The National Center for Interprofessional Practice and Education (NCIPE) has chosen the Interprofessional Education Collaborative (IPEC) as the recipient of its Pioneer Award for its work in stimulating interprofessional education across the United States.
A Tribute to IPEC Co-Founder Harrison C. Spencer (1944-2016)
Founding Member and Board of Directors Chair Harrison C. Spencer, MD, MPH, President and CEO of the Association of Schools and Programs of Public Health (ASPPH) passed away on August 10, 2016, in Washington, DC.
For the leadership of Dr. Spencer and his colleagues, NCIPE recognizes IPEC for its extraordinary leadership in bridging together education and practice across its many health professions. A member of many committees, boards, and professional societies, Dr. Spencer was most proud of co-founding IPEC with his medical, nursing, pharmacy, and dentistry peers in 2009 .
Dr. Spencer’s death is a loss that is felt far and wide in the interprofessional movement to which he cared and contributed so much. In his own words, Dr. Spencer worked tirelessly to “deliver on the promise of interprofessional education and practice to improve health and populations.”
In July 2000, Dr. Spencer assumed the position of President and CEO of the Association of Schools of Public Health (ASPH), and in August 2013, he led the transformation of ASPH to a new organization, the ASPPH. His intellect, passion, leadership, and compelling ethical values were treasured by all in the ASPPH community.
A true leader, Dr. Spencer worked tirelessly on behalf of academic public health. Nationally and internationally recognized for his clinical public health work, research endeavors in infectious disease prevention and control, and authorship of more than 100 publications, Dr. Spencer was uniquely able to speak on both practice and research perspectives.

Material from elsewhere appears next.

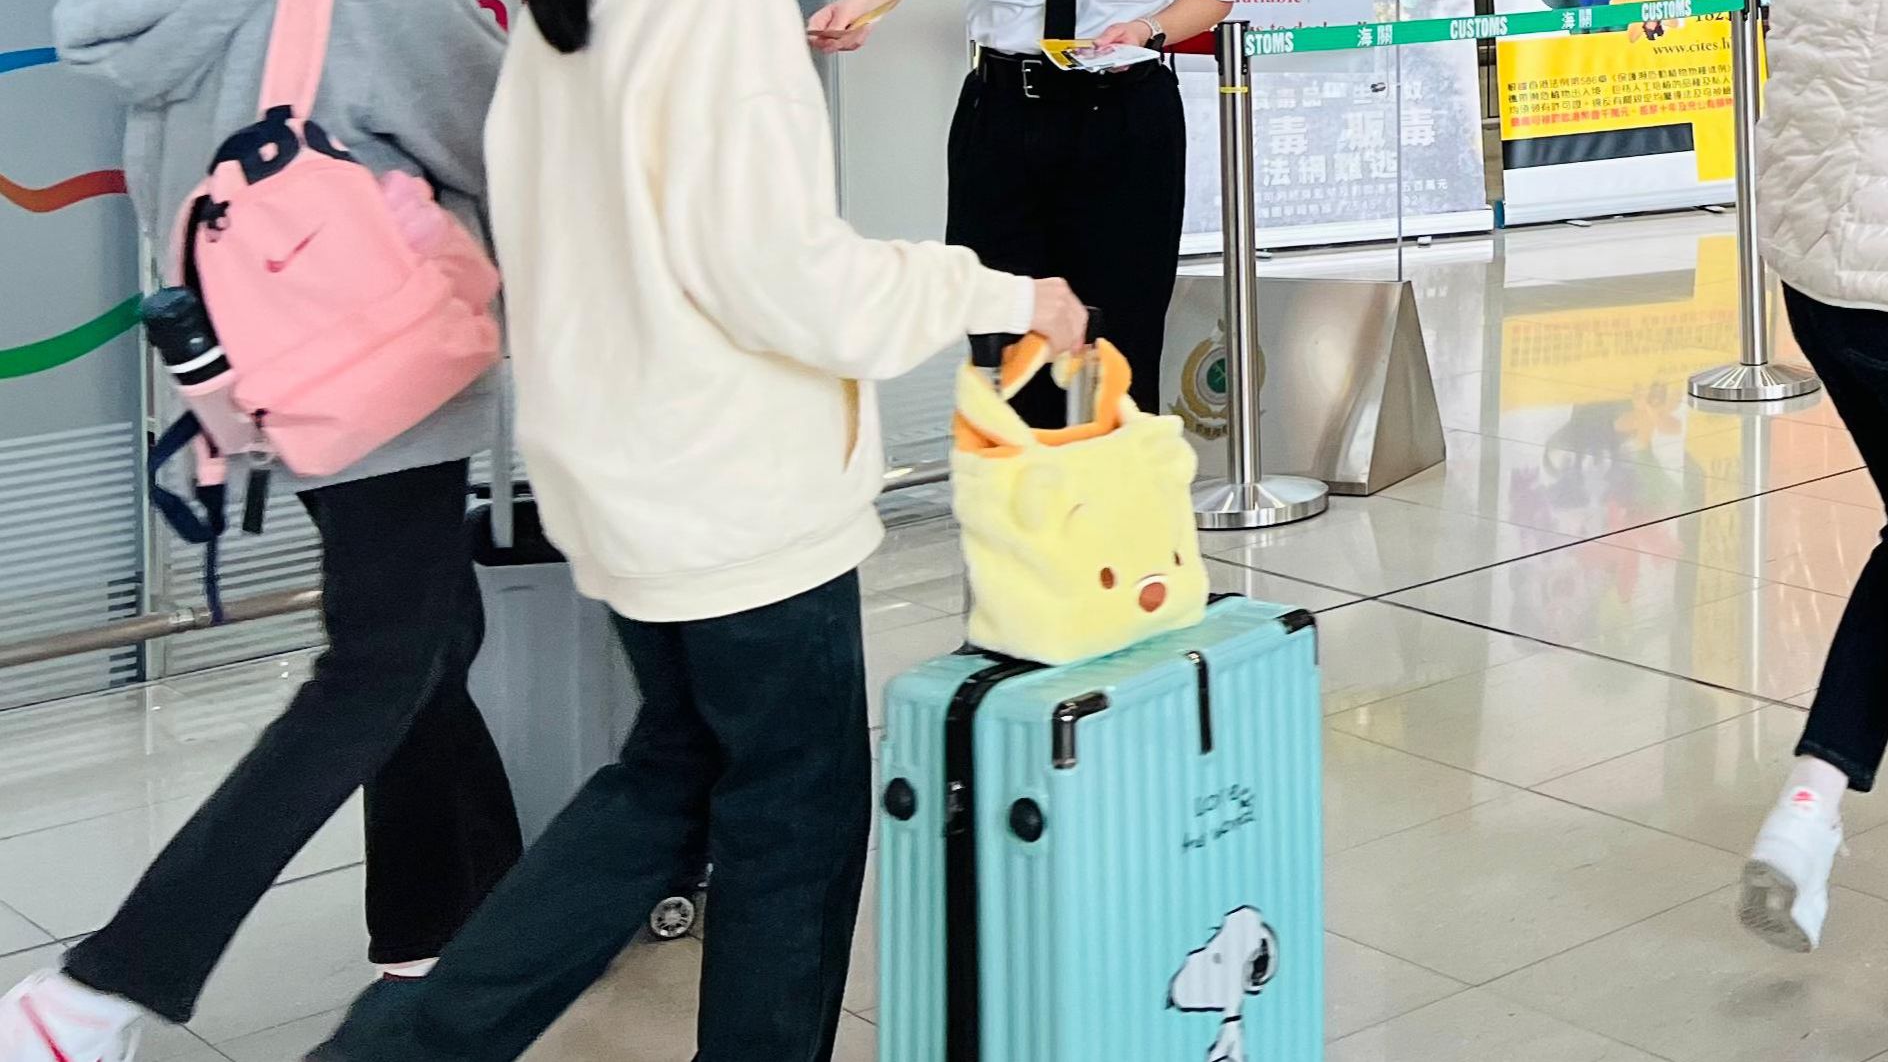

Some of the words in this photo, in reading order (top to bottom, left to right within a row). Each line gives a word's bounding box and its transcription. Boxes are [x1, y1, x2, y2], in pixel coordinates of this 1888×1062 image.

[1450, 16, 1508, 39] CUSTOMS
[1245, 31, 1294, 57] STOMS
[1653, 37, 1731, 55] www.cites.h

In recent years, Dr. Spencer was frequently called upon to speak to both prospective students in public health as well as students already active in the field he came to love and champion. He dug deep into the many lessons he learned in his professional and personal experiences to prepare remarks that could inspire the next generation of health professionals. He often spoke about the enormous potential of individuals working purposefully, through barriers and across cultures, for the health of the public and the value of each and every person’s potential to make a difference.
This quote from a recent speech he gave to students rings true to all who knew Dr. Spencer and who wake up every day excited to continue work to improve the public’s health:
“Public health is filled with heroes, both well known and unknown. They are visible on the national or international stage or they work quietly in communities with families and individuals. When they do their job, they often become invisible.”
IPEC will remember and honor Dr. Spencer’s legacy by continuing and supporting his work to transform health care delivery.